## HOW TO COMPLETE THIS TASK
Text only, exactly as given: reproduce the entries below without their pictures.

## SUPPLIED RECORDS

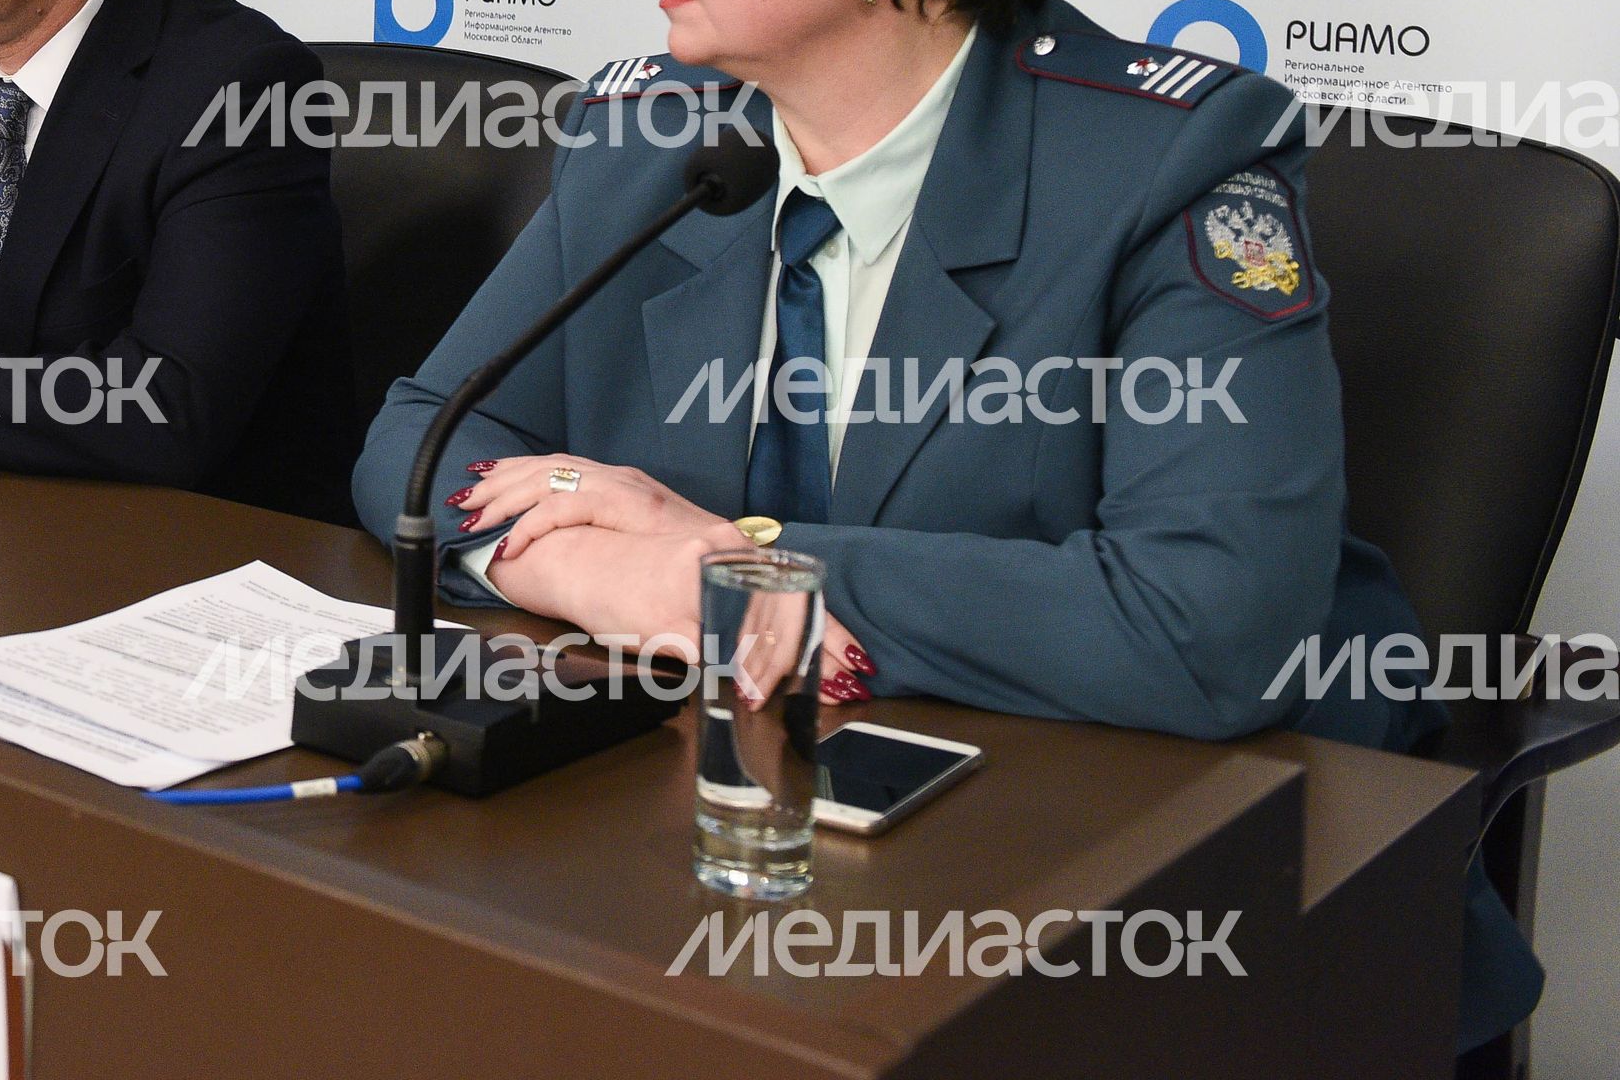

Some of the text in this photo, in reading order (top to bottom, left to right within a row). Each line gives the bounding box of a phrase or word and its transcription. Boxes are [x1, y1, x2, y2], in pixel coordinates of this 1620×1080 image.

[464, 9, 516, 20] Региональное
[464, 21, 572, 36] Информационное Агентство
[464, 32, 543, 45] Московской Области
[1286, 20, 1430, 57] РИАМО
[1284, 59, 1365, 73] Региональное
[1284, 74, 1453, 93] Информационное Агентство
[1357, 92, 1407, 105] Области
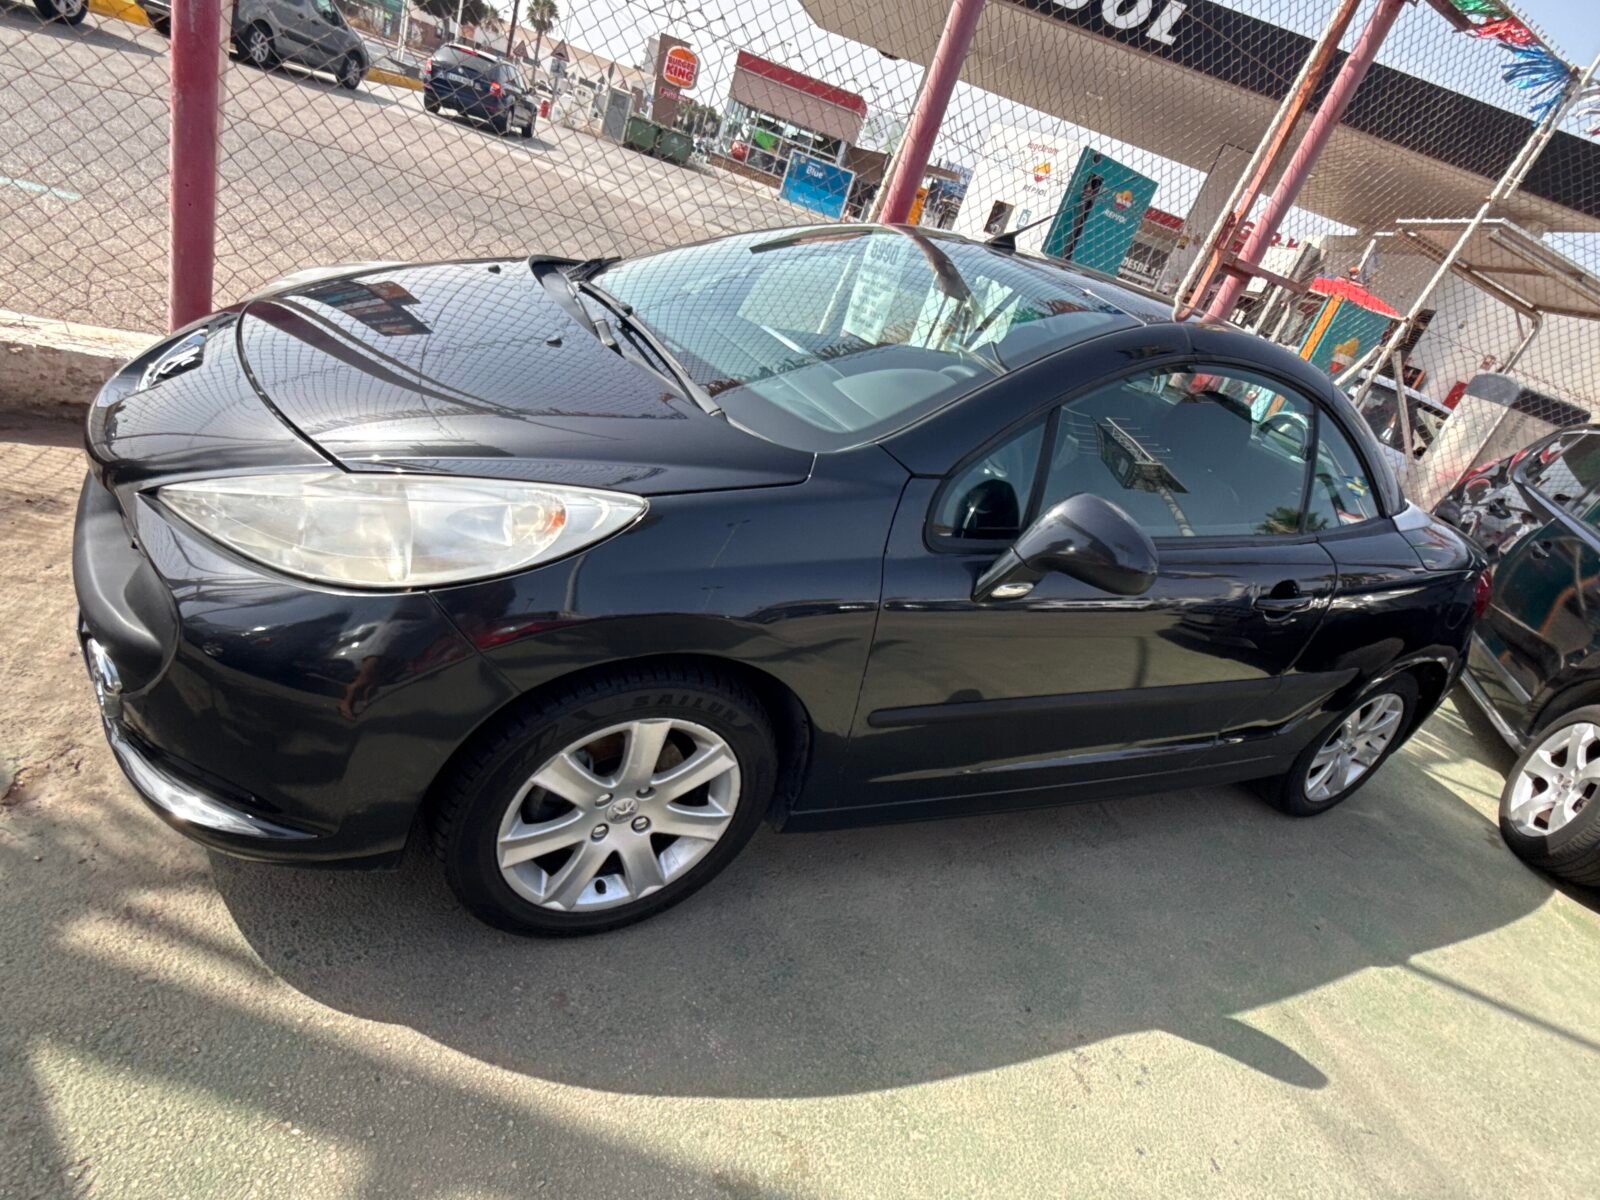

## EXERCISE ANSWER
Some of the text in this photo, in reading order (top to bottom, left to right within a row). Each line gives the bounding box of a phrase or word and its transcription. Boxes are [x1, y1, x2, y2], in pixel coordinates of this 1620×1080 image.

[464, 9, 516, 20] Региональное
[464, 21, 572, 36] Информационное Агентство
[464, 32, 543, 45] Московской Области
[1286, 20, 1430, 57] РИАМО
[1284, 59, 1365, 73] Региональное
[1284, 74, 1453, 93] Информационное Агентство
[1357, 92, 1407, 105] Области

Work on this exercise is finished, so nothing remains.